## GOAL OF THE EXERCISE
Make an exact copy of the records, omitting all images.

──────── MATERIAL SUPPLIED

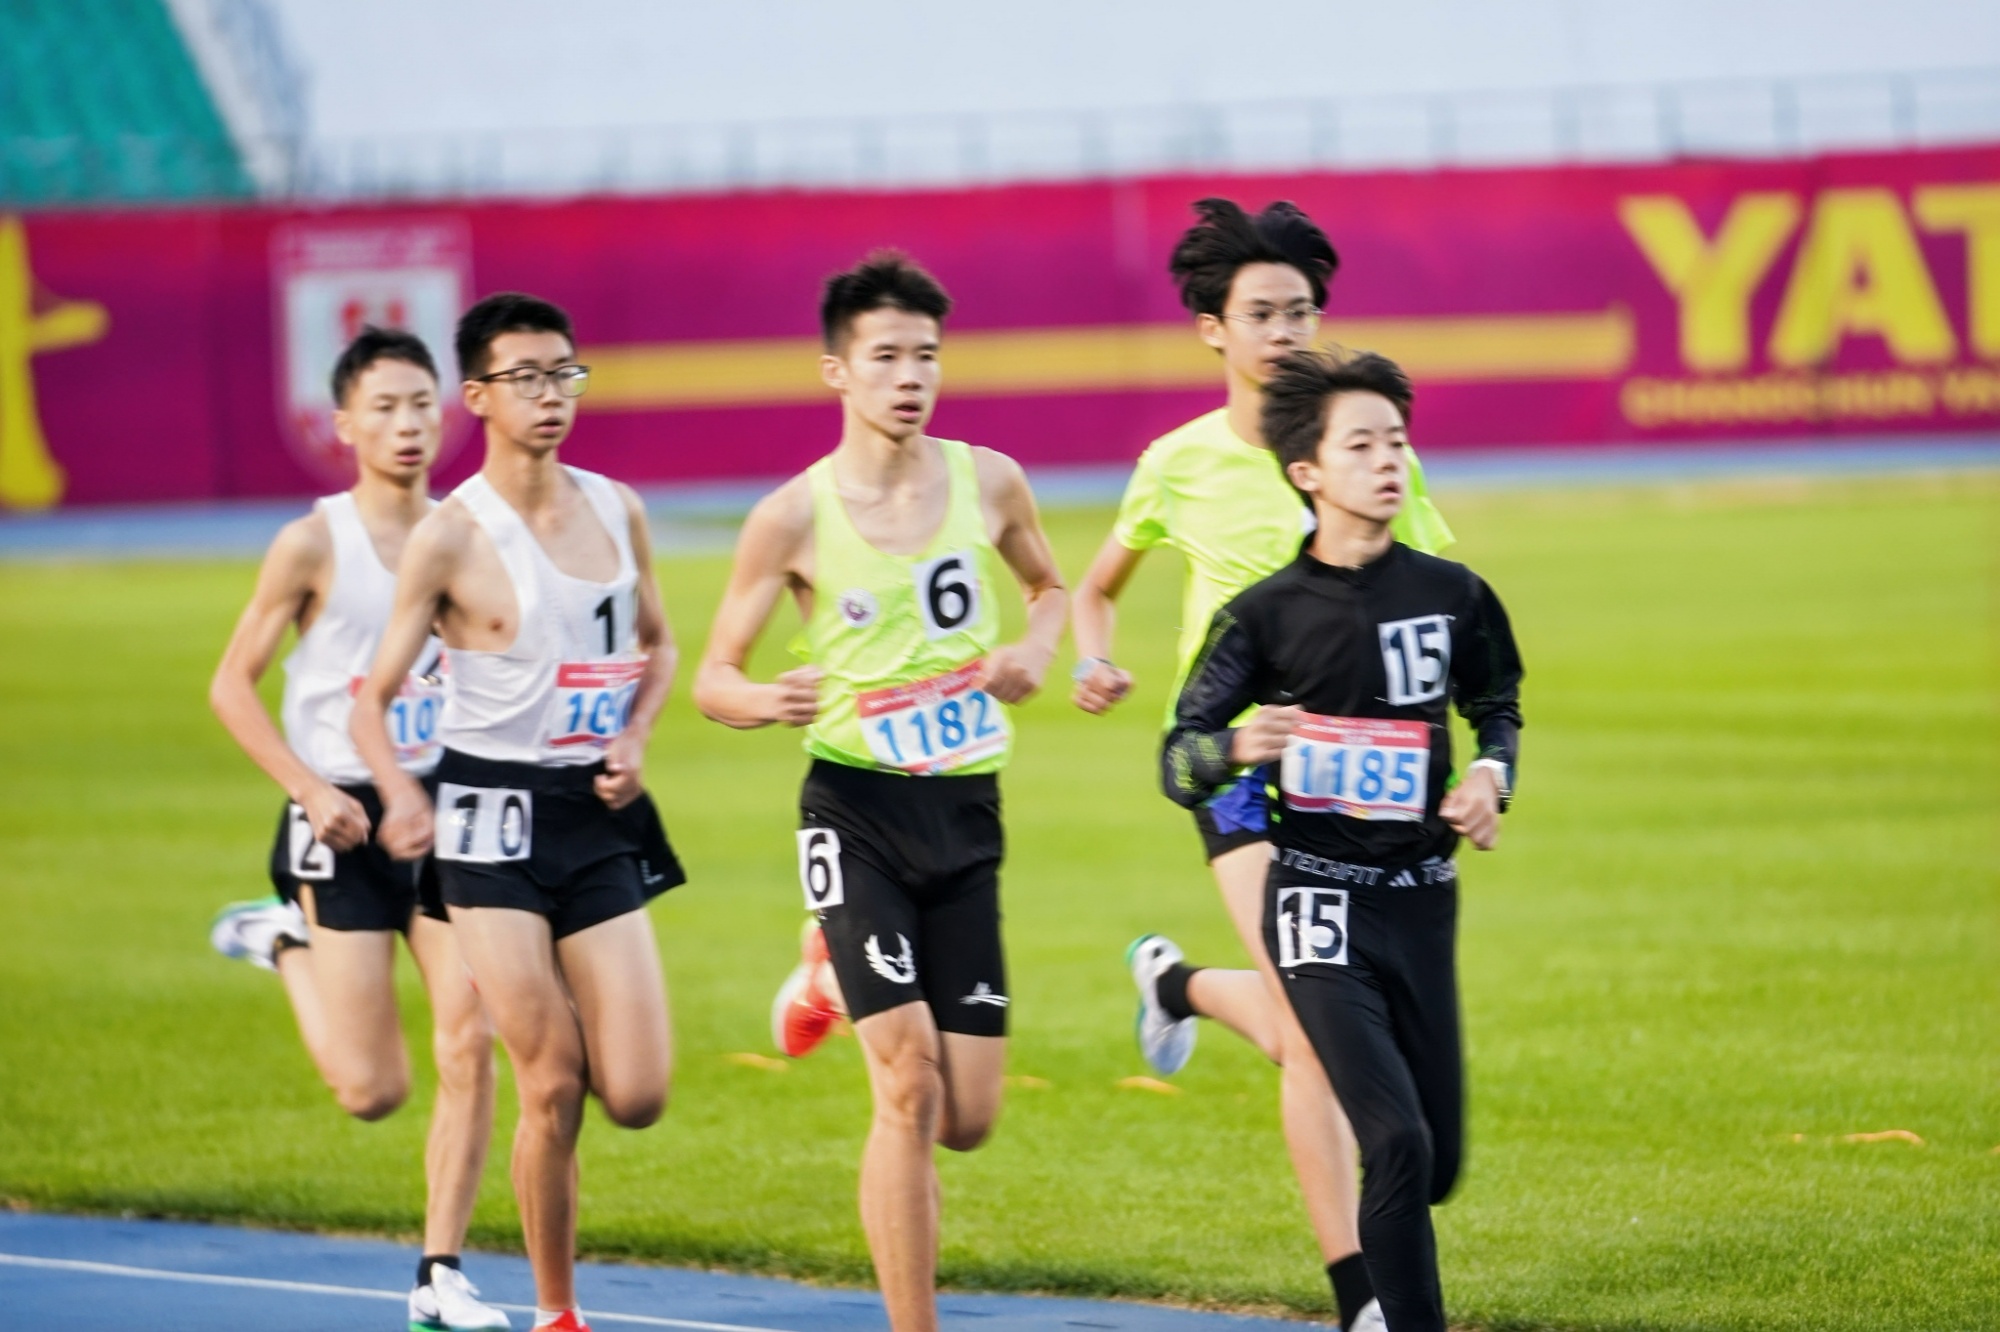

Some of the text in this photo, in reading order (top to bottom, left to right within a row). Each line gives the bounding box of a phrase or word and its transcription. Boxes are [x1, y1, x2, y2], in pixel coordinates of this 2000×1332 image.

[928, 558, 972, 629] 6
[1387, 621, 1447, 698] 15
[391, 696, 444, 744] 10
[877, 689, 999, 764] 1182
[1298, 744, 1418, 803] 1185
[453, 792, 526, 858] 10
[808, 831, 832, 904] 6
[1281, 848, 1386, 886] TECHFIT
[1279, 891, 1344, 961] 15

────────────────

## PROBLEM SOLUTION
Some of the text in this photo, in reading order (top to bottom, left to right within a row). Each line gives the bounding box of a phrase or word and its transcription. Boxes are [x1, y1, x2, y2], in pixel coordinates of this 2000×1332 image.

[928, 558, 972, 629] 6
[1387, 621, 1447, 698] 15
[391, 696, 444, 744] 10
[877, 689, 999, 764] 1182
[1298, 744, 1418, 803] 1185
[453, 792, 526, 858] 10
[808, 831, 832, 904] 6
[1281, 848, 1386, 886] TECHFIT
[1279, 891, 1344, 961] 15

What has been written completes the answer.